I didn't predict perfectly how it would work before game 1, but I got the basics right: Navigator lets you peek and steer, which makes it possible to set aside only junk with NV, and it's possible to play Navigator first followed by NV thanks to +1 action from either Tactician (most of the game) or Bazaar (early and only if you're very lucky).

The heuristic I used in deciding to go for it was "it is possible to know the top card of your deck somehow, and then play Native Village". That's probably a good first guess, but with room for refinement—connecting Native Village and Province has a high probability of working because the deck is relatively thin compared to the number of Navigators.
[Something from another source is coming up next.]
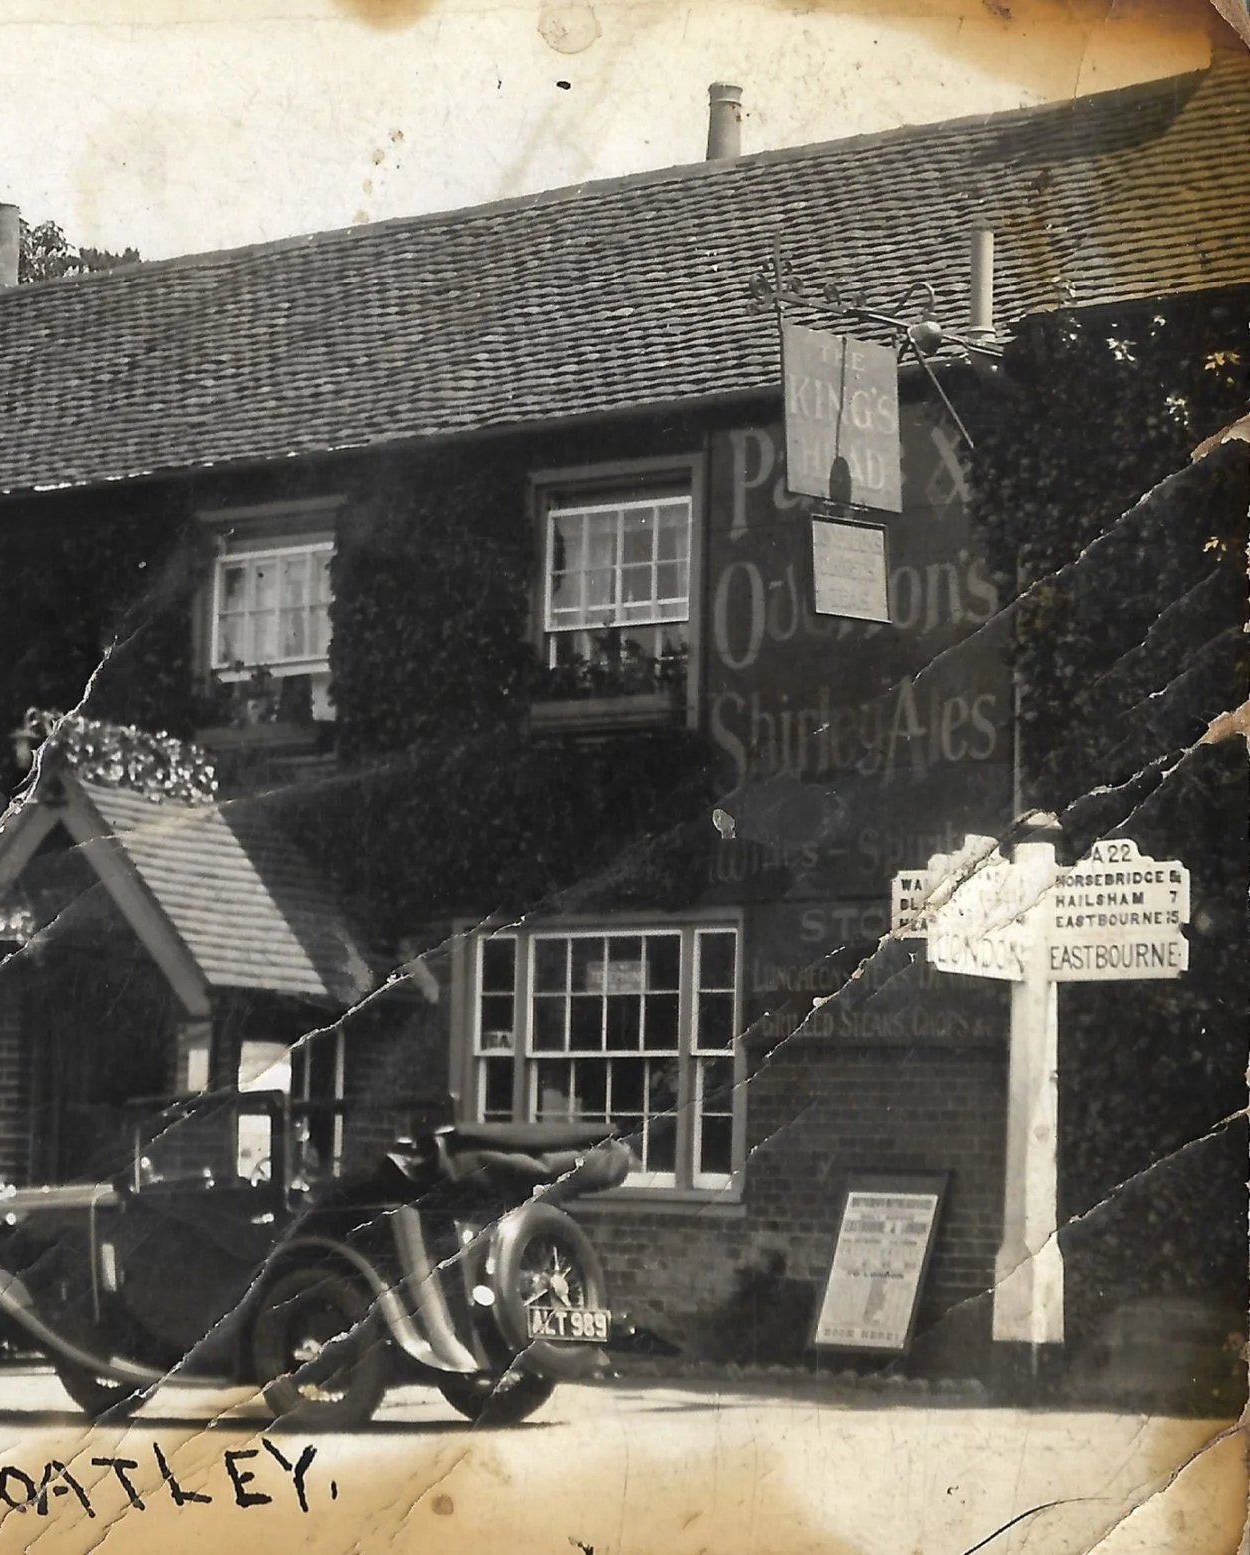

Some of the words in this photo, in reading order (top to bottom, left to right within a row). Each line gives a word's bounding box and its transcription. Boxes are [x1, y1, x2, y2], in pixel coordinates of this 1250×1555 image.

If I had one Navigator in a 30-card deck it probably wouldn't work.

I would have traded two Navigators for two Merchant Ships, but I suppose it’s not that important.
I did some test plays of this. The two decks take somewhat different routes to the same destination, and it feels very potayto-potarto to me which one you take.

Let's state the obvious: due to the duration effect, Merchant Ship is one less card to draw and one less terminal to play.

With Navigators you're under-terminaled by 1, but you can't really cut any villages because they provide money and thinning. The effect of being under-terminaled by 2 is that you're a little more likely to have more villages than terminals in hand than otherwise, but if you start your turn with Navigator you're likely to be fine in any case.

The deck draws 16 cards: clean-up 5, Tactician 5, Bazaar 4, Ghost Ship 2, independent of Navigator vs. Merchant Ship. It wants to draw 13 or 14: Tactician 1, Native Village 2, Bazaar 4, Ghost Ship 1, junk 1, Navigator 2 or 4, Merchant Ship 2 or 1. It also wants to set aside 2 with Native Village, although it's okay to miss once or twice.

This suggests that if you get Ghost Ship played on you, the more Merchant Ship heavy build is more resilient; it can have 4 Provinces (1 junk discard, two set aside, overdraw by 1) and still draw itself just fine, where the Navigator build might stall.

I think this suggests that Pearl Diver is more helpful in the Navigator-heavy build: if it has 4 provinces in deck, it can use Navigator (with 6 cards in deck) and Pearl Diver to select which card to underdraw. The surplus of Navigators can help you push junks towards the bottom. Also, switching from using Pearl Diver (or any cantrip) to Province as Tactician junk effectively lets you absorb one junk card for free.

But if you ever have 4 Provinces on deck, it's because you missed matting some for several turns in a row, so most likely you have 4 in deck and a couple on the mat, in which case you have already won ;-)

So... potayto-potarto.

In favor of more Navigators: only having 2 makes it a little more likely that you won't have any in your starting hand; also, against Ghost Ship you have to get through an 8-card deck with the aid of "only" 2 Navigators. Most of the time you want to not discard to the first (because you'd be either drawing or matting an unknown card with Bazaar or Native Village), but if the second navigator is in the bottom 3 cards you might have to draw some blindly. It's not the worst thing in the world, but it might cause you to miss matting a Province more often than if you have more Navigators. On the flip side, your thinner deck can afford more of this.

So... potarto-potayto.

I'm sure someone could run simulations or do some heavy-duty math and calculate that one build has a 0.1% higher risk of dudding, but... man, I have better things to do with my time ;)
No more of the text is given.